*Exercise directions*:
Retype every record exactly. Leave the pictures out.

[Material for this exercise]

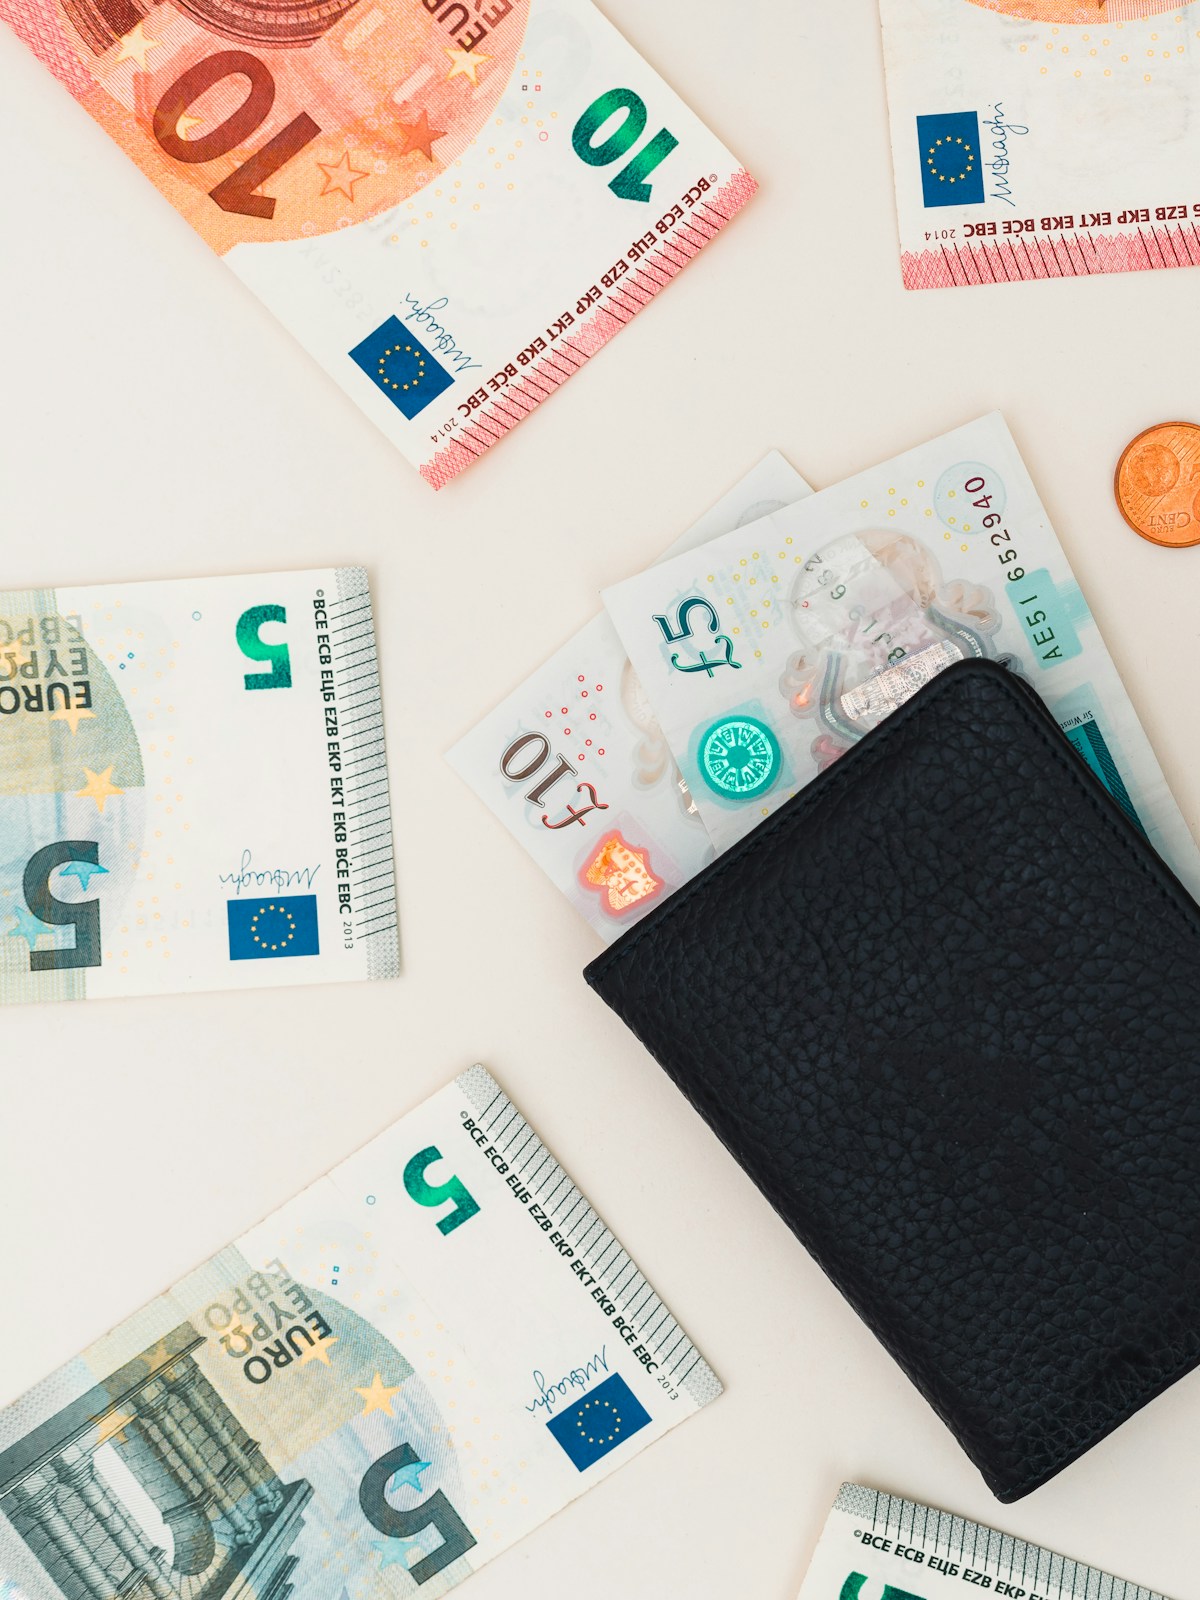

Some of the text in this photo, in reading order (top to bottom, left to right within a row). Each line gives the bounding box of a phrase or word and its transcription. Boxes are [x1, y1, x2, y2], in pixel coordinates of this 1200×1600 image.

[153, 50, 322, 219] 10
[572, 88, 679, 202] 10
[655, 203, 685, 234] ECB
[1040, 215, 1075, 231] EKB
[1116, 208, 1151, 225] EKP
[1154, 204, 1188, 221] EZB
[924, 229, 956, 241] 2014
[963, 221, 998, 238] EBC
[600, 258, 630, 289] EZB
[575, 284, 604, 315] EKP
[516, 336, 548, 367] EKB
[457, 386, 490, 418] EBC
[430, 417, 459, 443] 2014
[965, 476, 1025, 581] 652940
[1147, 512, 1191, 528] CENT
[1150, 524, 1175, 534] EURO
[236, 604, 292, 690] 5
[316, 634, 332, 666] ECB
[652, 596, 743, 678] £5
[0, 681, 92, 714] EURO
[324, 706, 339, 737] EZB
[327, 741, 342, 773] EKP
[500, 731, 609, 830] £10
[333, 811, 347, 843] EKB
[23, 840, 102, 971] 5
[337, 883, 352, 915] EBC
[343, 921, 354, 950] 2013
[403, 1145, 481, 1236] 5
[483, 1145, 510, 1175] ECB
[527, 1202, 554, 1232] EZB
[548, 1230, 575, 1258] EKP
[590, 1286, 617, 1317] EKB
[632, 1343, 659, 1375] EBC
[657, 1374, 679, 1401] 2013
[243, 1310, 332, 1384] EURO
[359, 1442, 478, 1585] 5
[893, 1543, 926, 1564] ECB
[961, 1567, 993, 1589] EZB
[993, 1579, 1026, 1600] EKP

[/Material for this exercise]

*Written response*:
Some of the text in this photo, in reading order (top to bottom, left to right within a row). Each line gives the bounding box of a phrase or word and its transcription. Boxes are [x1, y1, x2, y2], in pixel coordinates of this 1200×1600 image.

[153, 50, 322, 219] 10
[572, 88, 679, 202] 10
[655, 203, 685, 234] ECB
[1040, 215, 1075, 231] EKB
[1116, 208, 1151, 225] EKP
[1154, 204, 1188, 221] EZB
[924, 229, 956, 241] 2014
[963, 221, 998, 238] EBC
[600, 258, 630, 289] EZB
[575, 284, 604, 315] EKP
[516, 336, 548, 367] EKB
[457, 386, 490, 418] EBC
[430, 417, 459, 443] 2014
[965, 476, 1025, 581] 652940
[1147, 512, 1191, 528] CENT
[1150, 524, 1175, 534] EURO
[236, 604, 292, 690] 5
[316, 634, 332, 666] ECB
[652, 596, 743, 678] £5
[0, 681, 92, 714] EURO
[324, 706, 339, 737] EZB
[327, 741, 342, 773] EKP
[500, 731, 609, 830] £10
[333, 811, 347, 843] EKB
[23, 840, 102, 971] 5
[337, 883, 352, 915] EBC
[343, 921, 354, 950] 2013
[403, 1145, 481, 1236] 5
[483, 1145, 510, 1175] ECB
[527, 1202, 554, 1232] EZB
[548, 1230, 575, 1258] EKP
[590, 1286, 617, 1317] EKB
[632, 1343, 659, 1375] EBC
[657, 1374, 679, 1401] 2013
[243, 1310, 332, 1384] EURO
[359, 1442, 478, 1585] 5
[893, 1543, 926, 1564] ECB
[961, 1567, 993, 1589] EZB
[993, 1579, 1026, 1600] EKP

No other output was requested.